● **REQUIRED ACTION**: Transcribe the records that follow exactly. Skip the pictures.

Records drawn from a dataset
- - - -

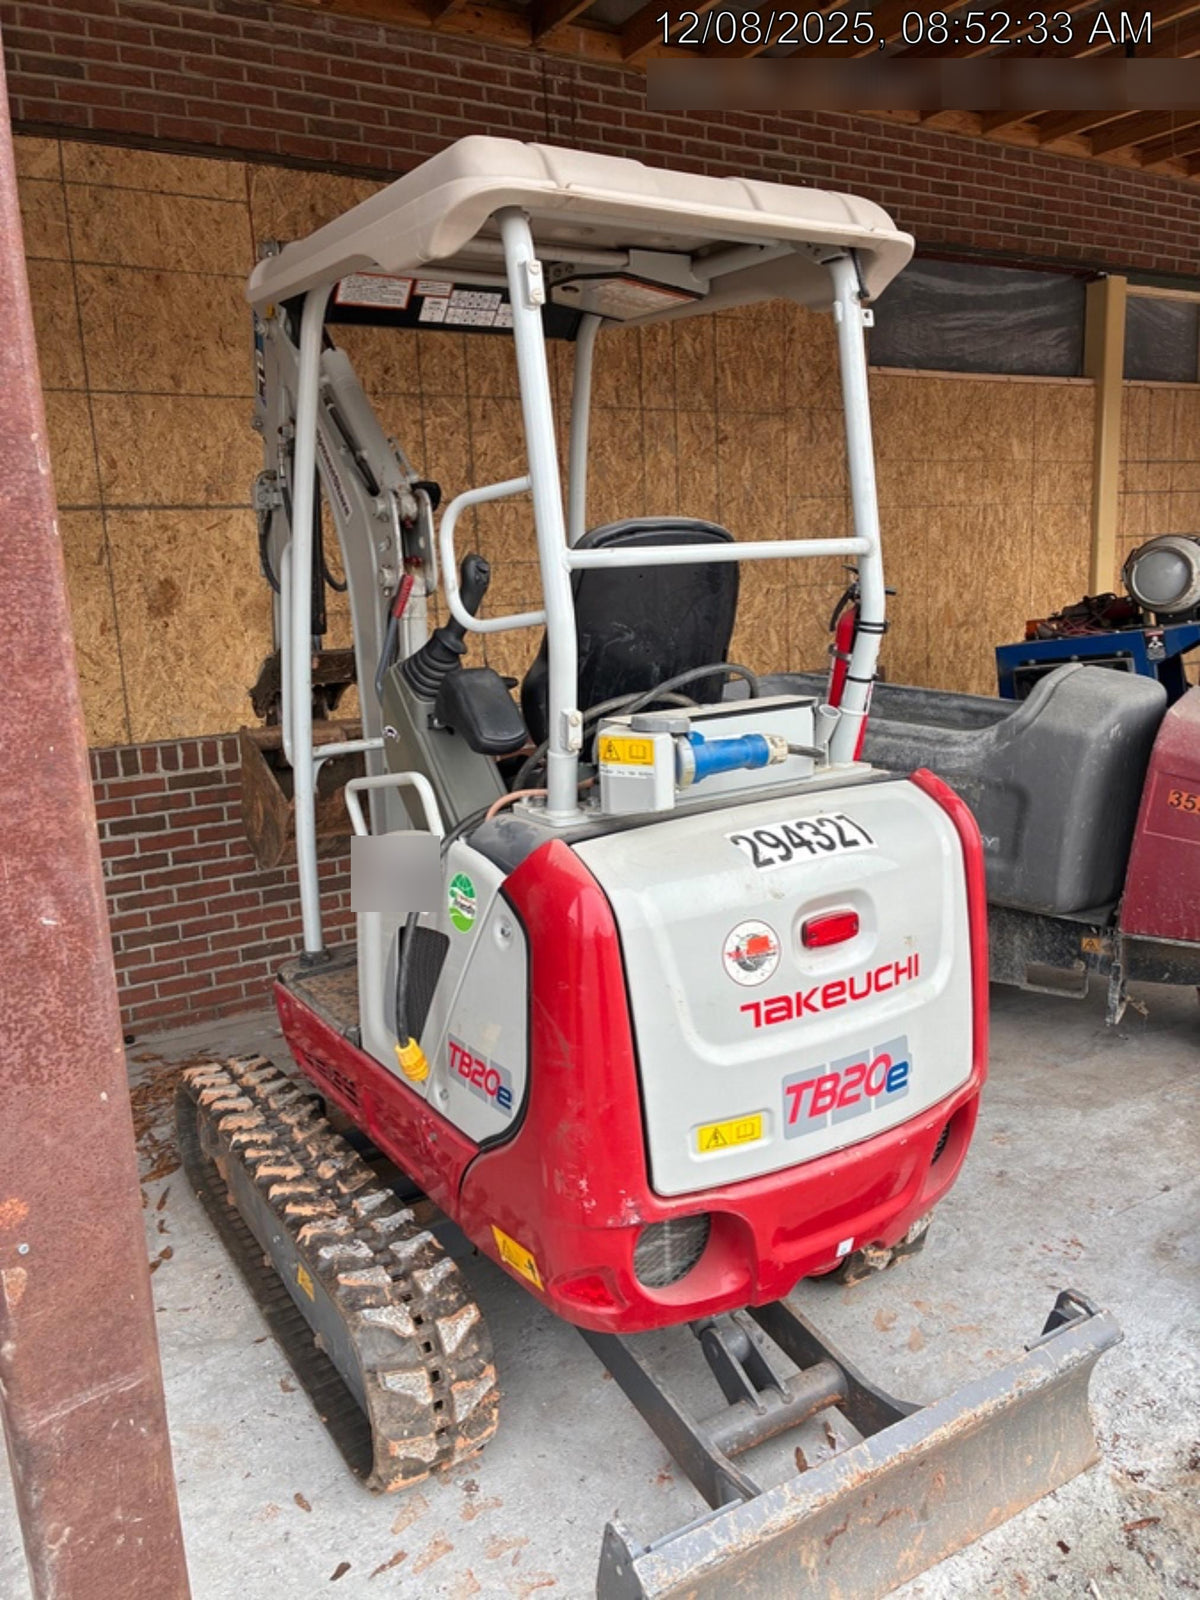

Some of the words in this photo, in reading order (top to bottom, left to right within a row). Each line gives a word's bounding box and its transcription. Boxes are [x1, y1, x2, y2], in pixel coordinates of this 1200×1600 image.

[1170, 790, 1200, 813] 35
[730, 814, 874, 868] 294327
[448, 1041, 512, 1110] TB20e
[785, 1053, 909, 1124] TB20e
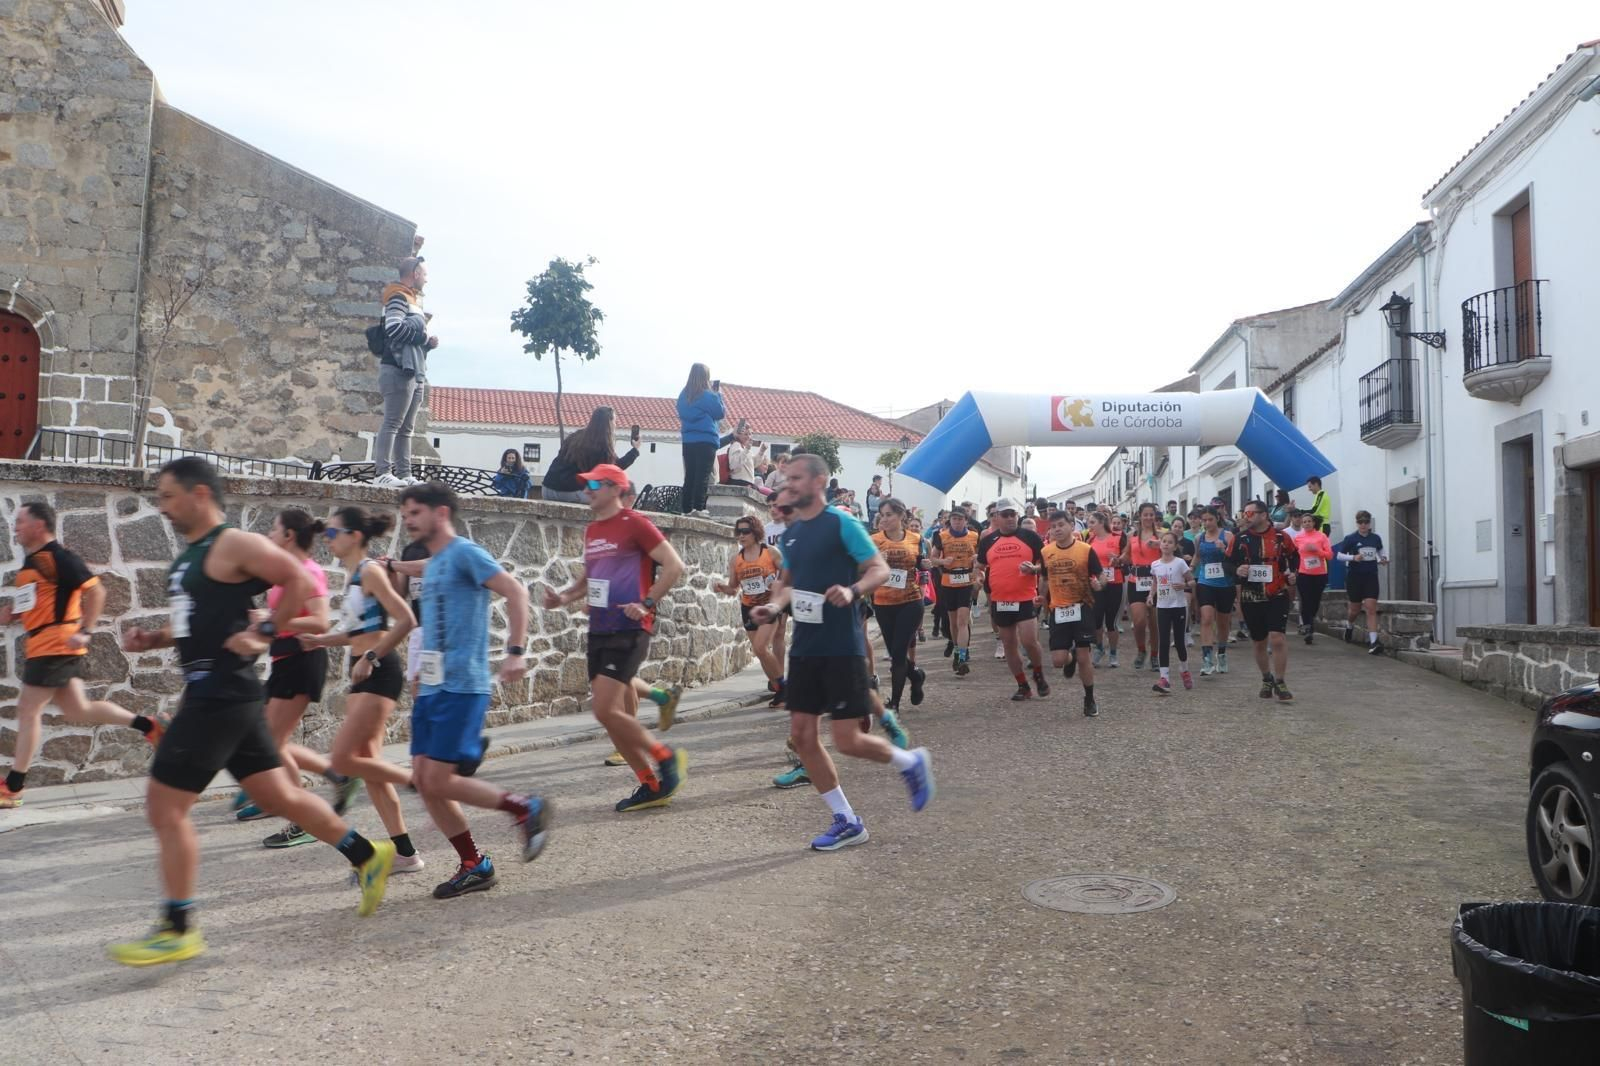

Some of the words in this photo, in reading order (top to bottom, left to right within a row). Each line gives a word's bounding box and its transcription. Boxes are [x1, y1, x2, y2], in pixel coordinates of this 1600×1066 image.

[1101, 401, 1182, 415] Diputación
[1101, 416, 1120, 428] de
[1123, 415, 1183, 428] Córdoba
[1252, 569, 1268, 578] 386
[746, 582, 760, 590] 359
[1060, 609, 1075, 618] 399
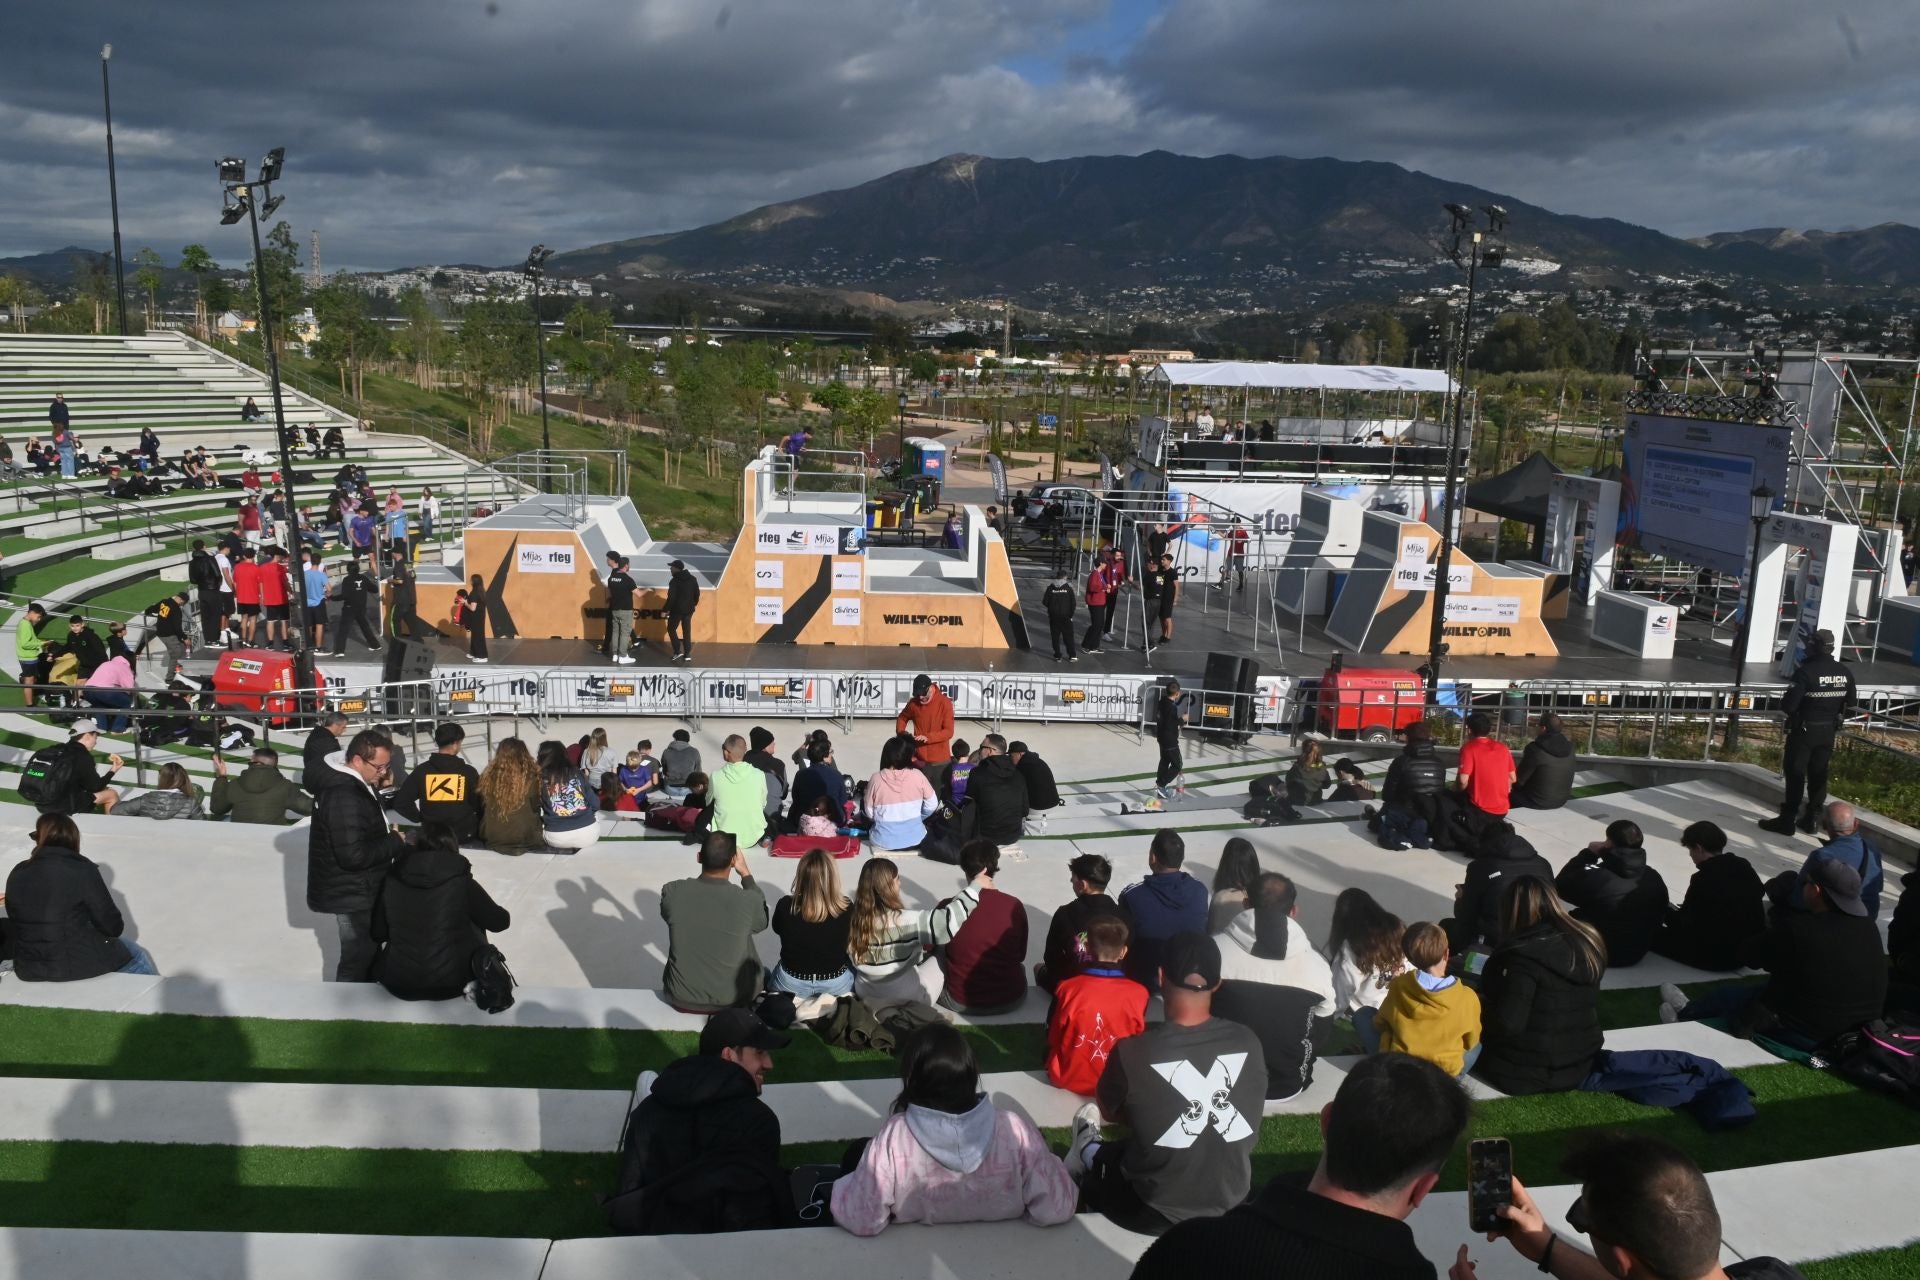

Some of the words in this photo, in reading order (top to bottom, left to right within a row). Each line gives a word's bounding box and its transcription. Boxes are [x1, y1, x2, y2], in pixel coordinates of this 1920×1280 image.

[758, 532, 780, 544] rfeg
[814, 533, 834, 545] Mijas
[1406, 543, 1424, 554] Mijas
[521, 551, 542, 565] Mijas
[549, 551, 571, 563] rfeg
[1398, 569, 1418, 581] rfeg
[834, 606, 859, 614] divina
[884, 614, 963, 626] WALLTOPIA
[439, 671, 486, 694] Mijas
[1819, 675, 1848, 684] POLICIA
[511, 678, 547, 698] rfeg
[612, 685, 632, 693] AMG
[640, 674, 686, 701] Mijas
[710, 681, 746, 700] rfeg
[763, 685, 784, 693] AMG
[836, 676, 882, 702] Mijas
[452, 692, 473, 701] AMG
[1088, 692, 1143, 705] Iberdrola
[341, 702, 363, 711] AMG
[1208, 706, 1228, 714] AMG
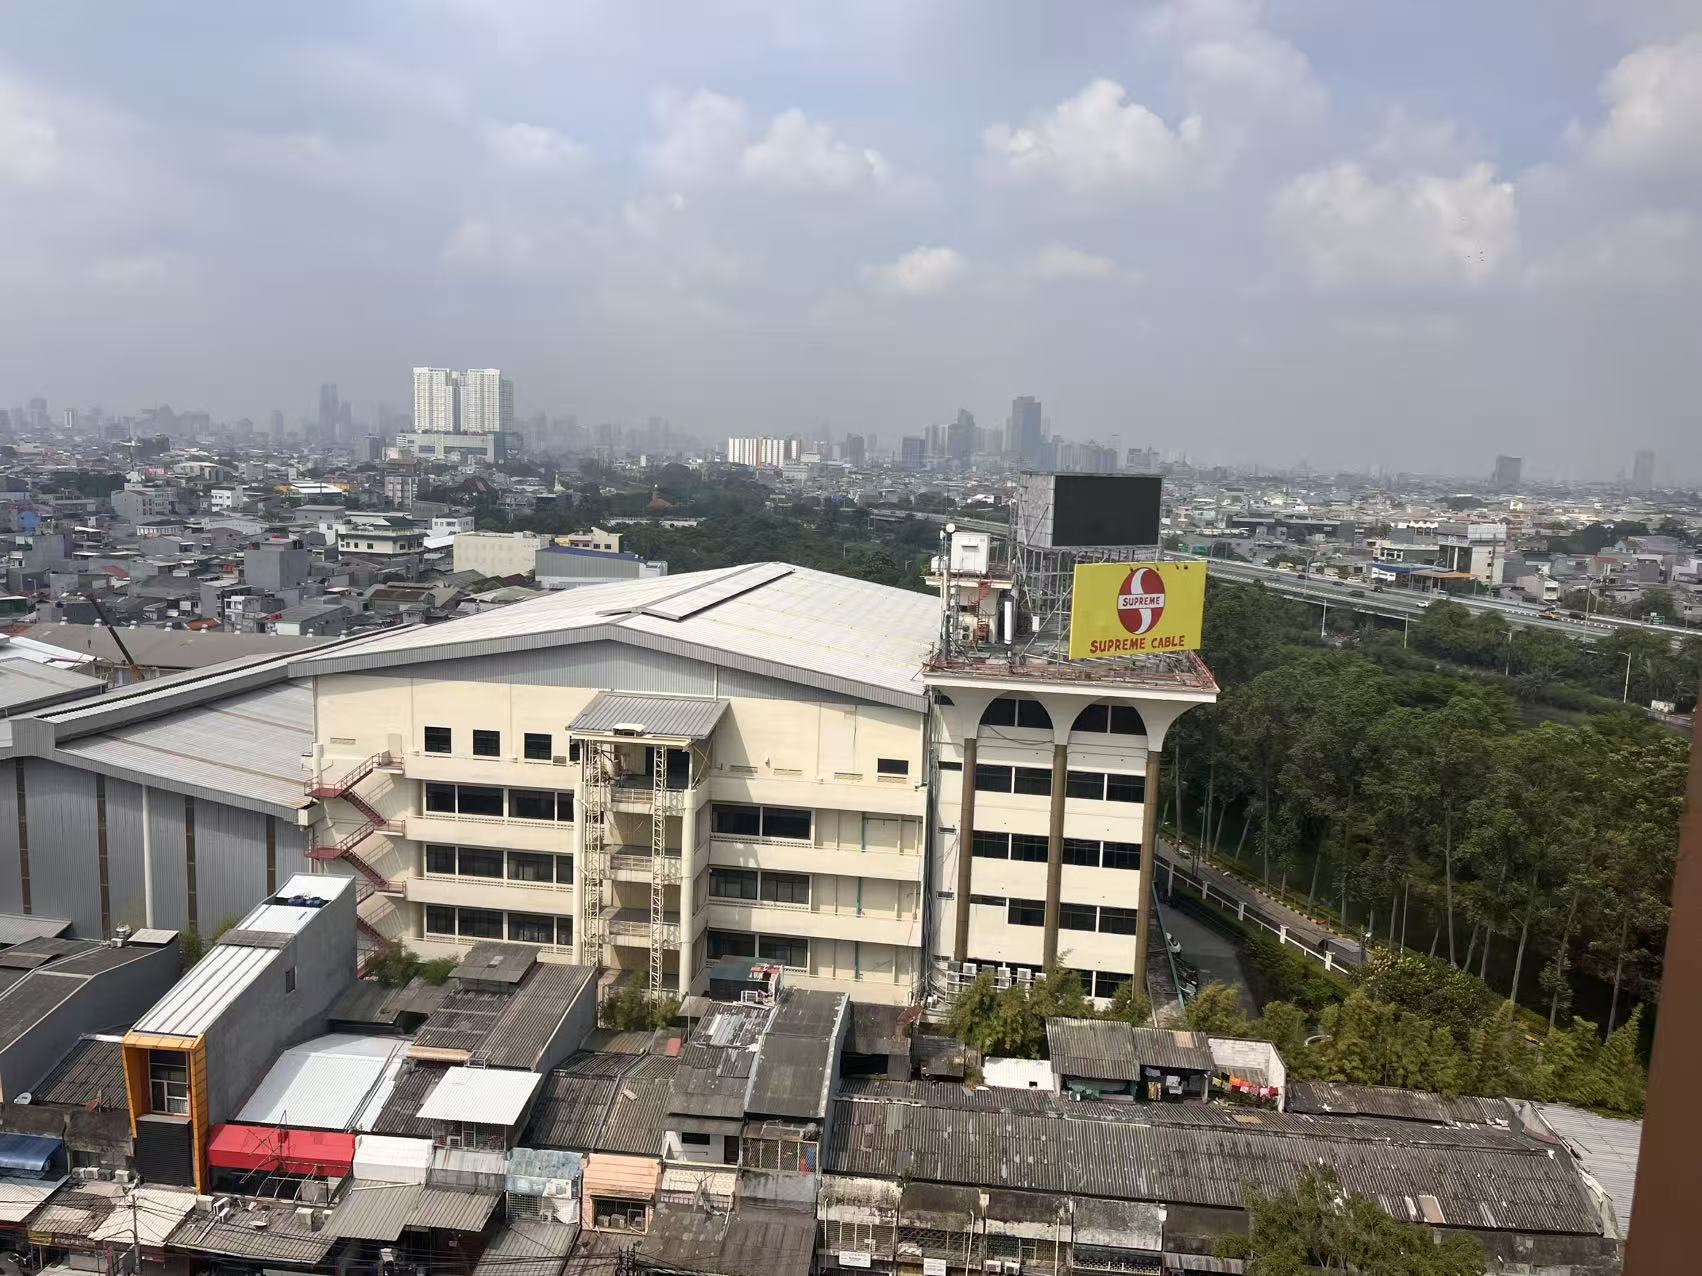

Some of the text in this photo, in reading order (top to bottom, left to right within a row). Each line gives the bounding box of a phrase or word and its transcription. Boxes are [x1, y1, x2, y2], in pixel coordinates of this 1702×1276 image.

- - - -

● **YOUR RESPONSE**:
Some of the words in this photo, in reading order (top to bottom, left to right within a row). Each line gives a word's bounding box and its transcription. Boxes are [x1, y1, x2, y2], in pixel coordinates of this 1200×1600 image.

[1170, 790, 1200, 813] 35
[730, 814, 874, 868] 294327
[448, 1041, 512, 1110] TB20e
[785, 1053, 909, 1124] TB20e

Some of the words in this photo, in reading order (top to bottom, left to right within a row). Each line gives a word's bounding box and its transcription. Boxes are [x1, y1, x2, y2], in pixel coordinates of this 1600×1066 image.

[1101, 401, 1182, 415] Diputación
[1101, 416, 1120, 428] de
[1123, 415, 1183, 428] Córdoba
[1252, 569, 1268, 578] 386
[746, 582, 760, 590] 359
[1060, 609, 1075, 618] 399

Some of the words in this photo, in reading order (top to bottom, left to right within a row). Each line gives a word's bounding box and its transcription. Boxes are [x1, y1, x2, y2], in pixel coordinates of this 1920×1280 image.

[758, 532, 780, 544] rfeg
[814, 533, 834, 545] Mijas
[1406, 543, 1424, 554] Mijas
[521, 551, 542, 565] Mijas
[549, 551, 571, 563] rfeg
[1398, 569, 1418, 581] rfeg
[834, 606, 859, 614] divina
[884, 614, 963, 626] WALLTOPIA
[439, 671, 486, 694] Mijas
[1819, 675, 1848, 684] POLICIA
[511, 678, 547, 698] rfeg
[612, 685, 632, 693] AMG
[640, 674, 686, 701] Mijas
[710, 681, 746, 700] rfeg
[763, 685, 784, 693] AMG
[836, 676, 882, 702] Mijas
[452, 692, 473, 701] AMG
[1088, 692, 1143, 705] Iberdrola
[341, 702, 363, 711] AMG
[1208, 706, 1228, 714] AMG

Some of the text in this photo, in reading order (top to bottom, left to right within a row). Each line gives the bounding box of a phrase or word and its transcription. Boxes are [x1, y1, x2, y2], in pixel coordinates of this 1702×1276 image.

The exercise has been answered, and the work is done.